◆ **EXERCISE DETAILS**
The result should be the full listing copied exactly, with no pictures in it.

BEGIN EXTRACTED ENTRIES

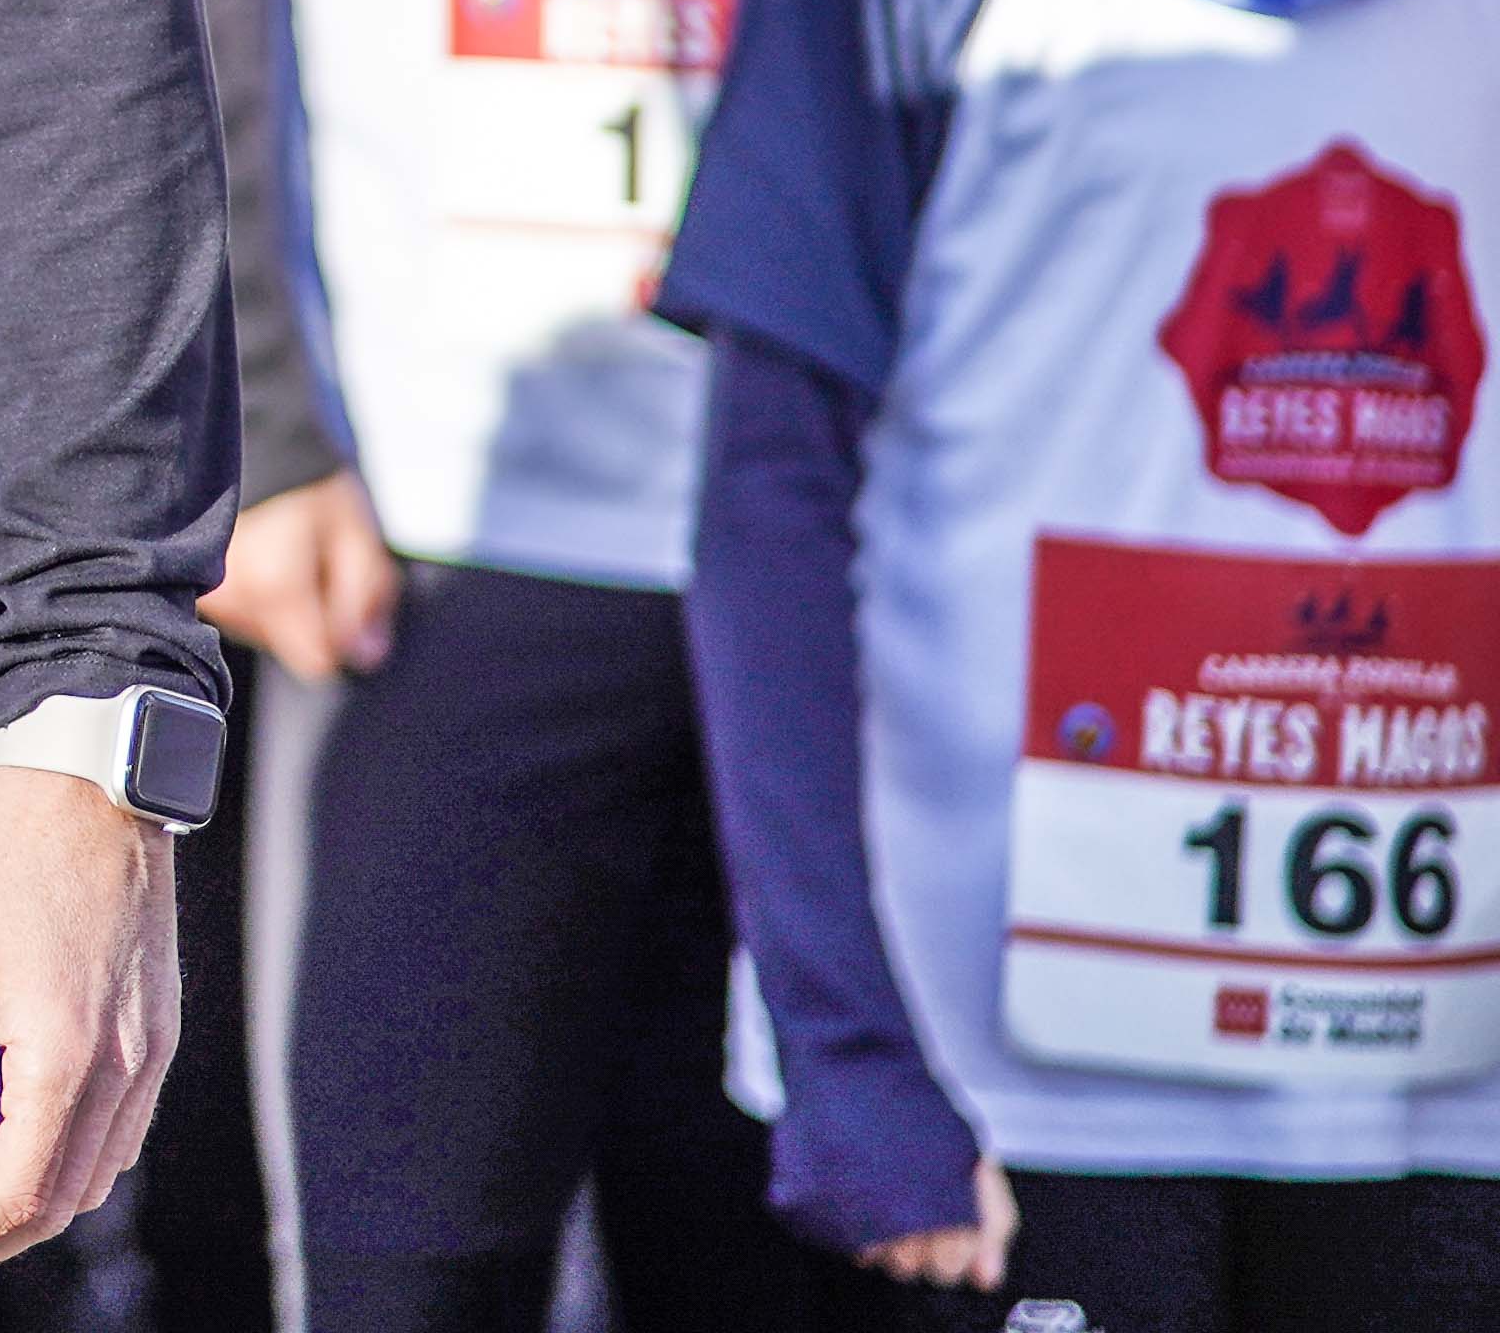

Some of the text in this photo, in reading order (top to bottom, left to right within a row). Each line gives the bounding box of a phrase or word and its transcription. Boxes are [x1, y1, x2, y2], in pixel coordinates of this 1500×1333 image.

[1143, 687, 1488, 786] REYES MAGOS
[1182, 800, 1457, 939] 166
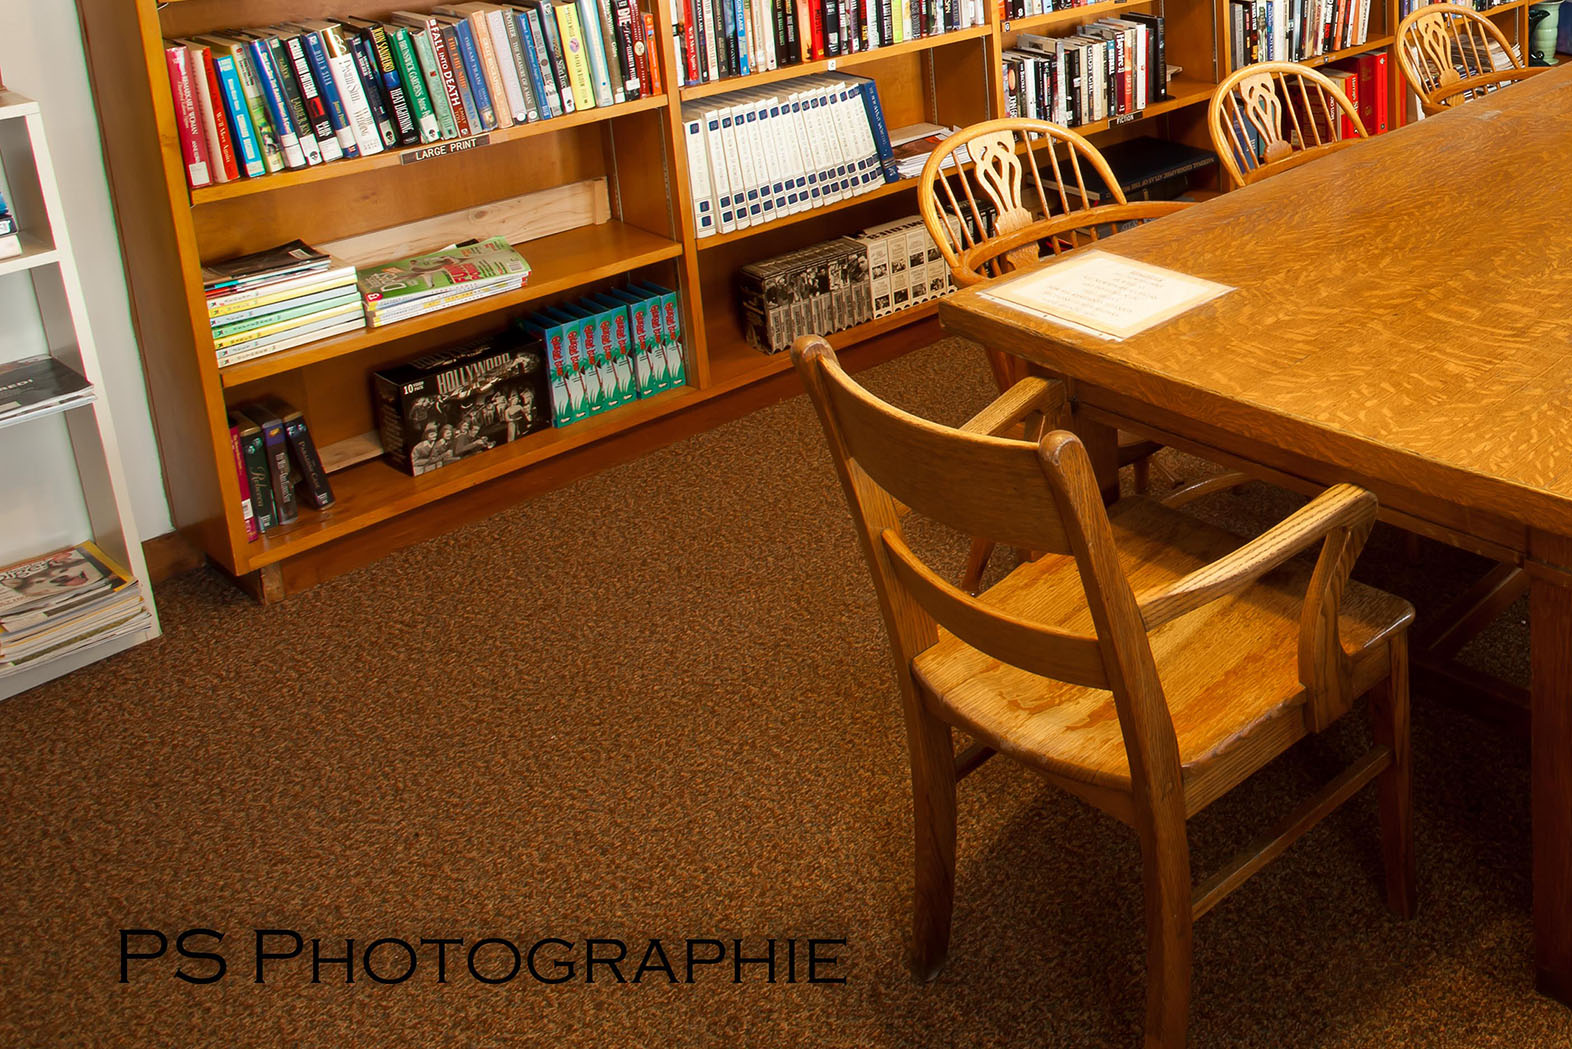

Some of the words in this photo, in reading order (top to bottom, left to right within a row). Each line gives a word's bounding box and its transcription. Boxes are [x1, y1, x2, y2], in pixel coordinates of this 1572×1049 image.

[1117, 114, 1134, 125] FICTION
[415, 146, 446, 161] LARGE
[450, 139, 477, 153] PRINT
[436, 353, 511, 395] HOLLYWOOD
[403, 385, 414, 396] 10

END EXTRACTED ENTRIES

◆ **YOUR RESPONSE**
Some of the text in this photo, in reading order (top to bottom, left to right within a row). Each line gives the bounding box of a phrase or word and its transcription. Boxes are [x1, y1, x2, y2], in pixel coordinates of this 1500×1333 image.

[1143, 687, 1488, 786] REYES MAGOS
[1182, 800, 1457, 939] 166

Some of the words in this photo, in reading order (top to bottom, left to right within a row). Each line gives a word's bounding box and its transcription. Boxes are [x1, y1, x2, y2], in pixel coordinates of this 1572×1049 image.

[1117, 114, 1134, 125] FICTION
[415, 146, 446, 161] LARGE
[450, 139, 477, 153] PRINT
[436, 353, 511, 395] HOLLYWOOD
[403, 385, 414, 396] 10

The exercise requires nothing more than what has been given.